Professor Mark Gaterell demystifies the role of construction in our net-zero future
COP in Focus: The Future of Construction with Professor Mark Gatterell
38% of global carbon emissions come from the construction and built environment sectors. As COP26 continues in Glasgow, Professor Mark Gaterell chats to the Life Solved podcast about why we need to find sustainable futures for our cities and buildings.
In his work at the School of Civil Engineering and Surveying, Mark's focused on how to future-proof buildings and ensure that those we have can adapt to changing climates.
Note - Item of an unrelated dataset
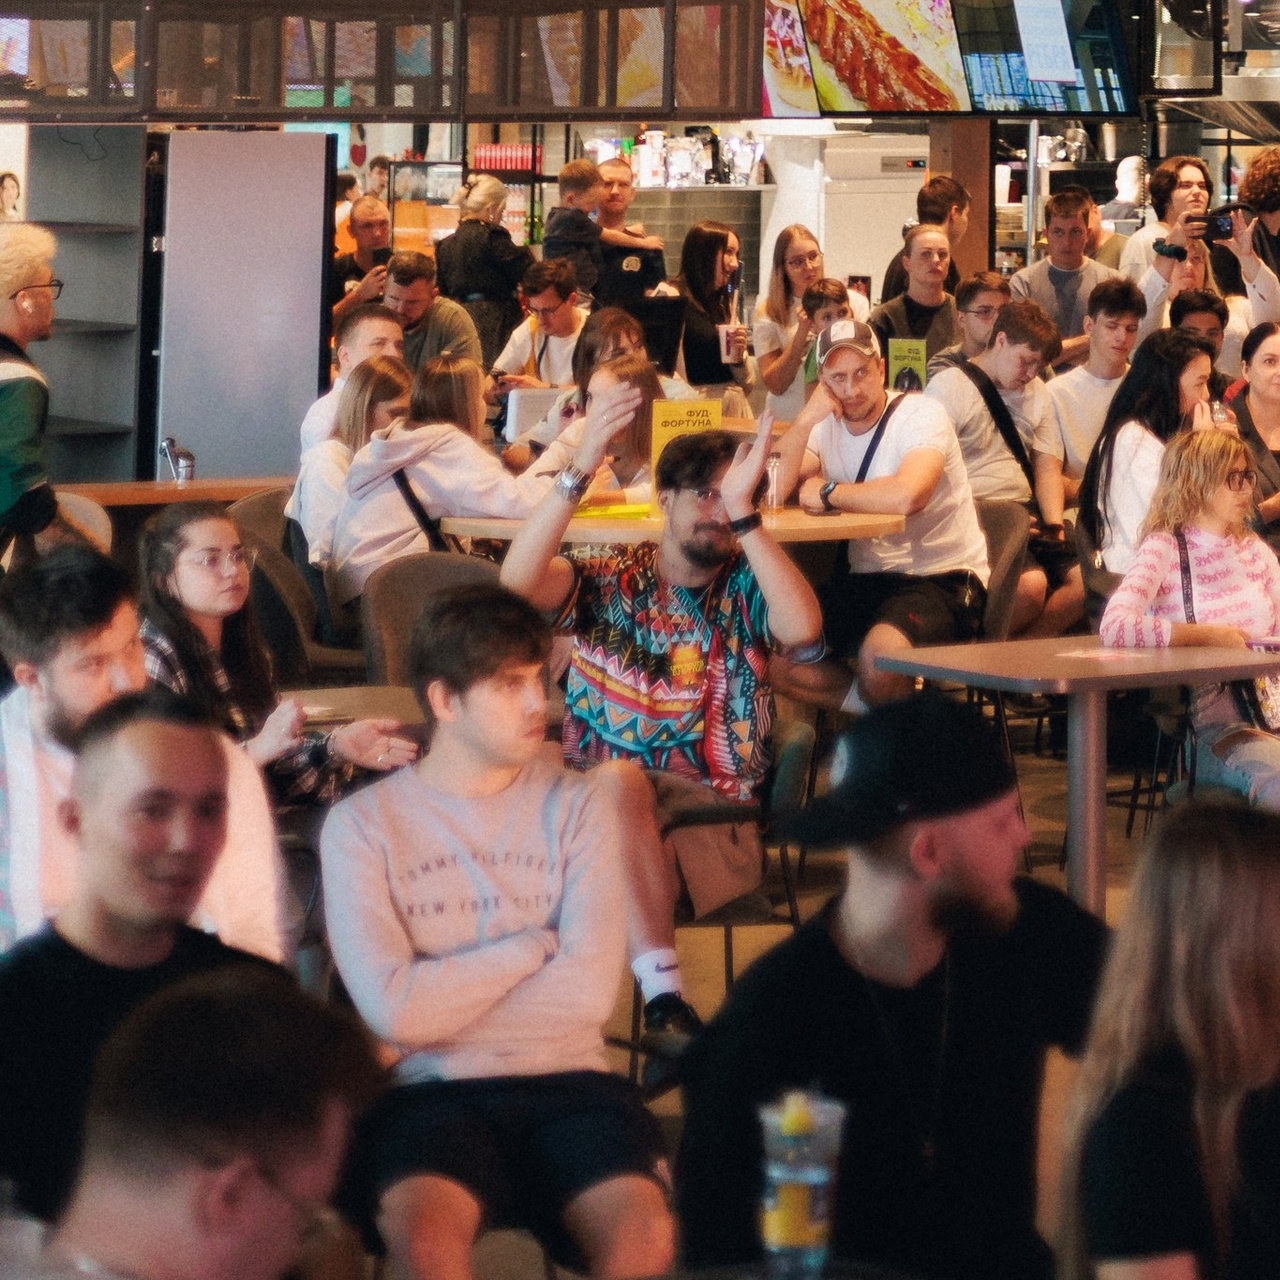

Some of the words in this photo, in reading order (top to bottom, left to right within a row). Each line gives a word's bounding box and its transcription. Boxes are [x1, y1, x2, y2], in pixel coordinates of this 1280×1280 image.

Why is this such a vital part of the climate change conversation? Because our homes, workplaces and businesses all add to the amount of carbon in the atmosphere when reliant upon fossil fuel-powered heating and hot water. Mark says that the massive number of people living in urban areas all adds up to a significant carbon footprint:
From about 2015, we had just over half of the global population living in urban areas. I think by 2050, 70% of the global population will be in urban areas. So the way that we design and manage our cities is going to be increasingly important
It’s not just the insulation, tech and energy used by buildings that play a part in this, though. Mark says that by thinking about how buildings work on a city-wide scale and interact with their environments, there’s an opportunity to design smarter systems too:
We need to consider how we manage the space between those buildings and the materials we use, the biodiversity or the planting that we adopt in those spaces so that we don't just continue to cause problems for ourselves.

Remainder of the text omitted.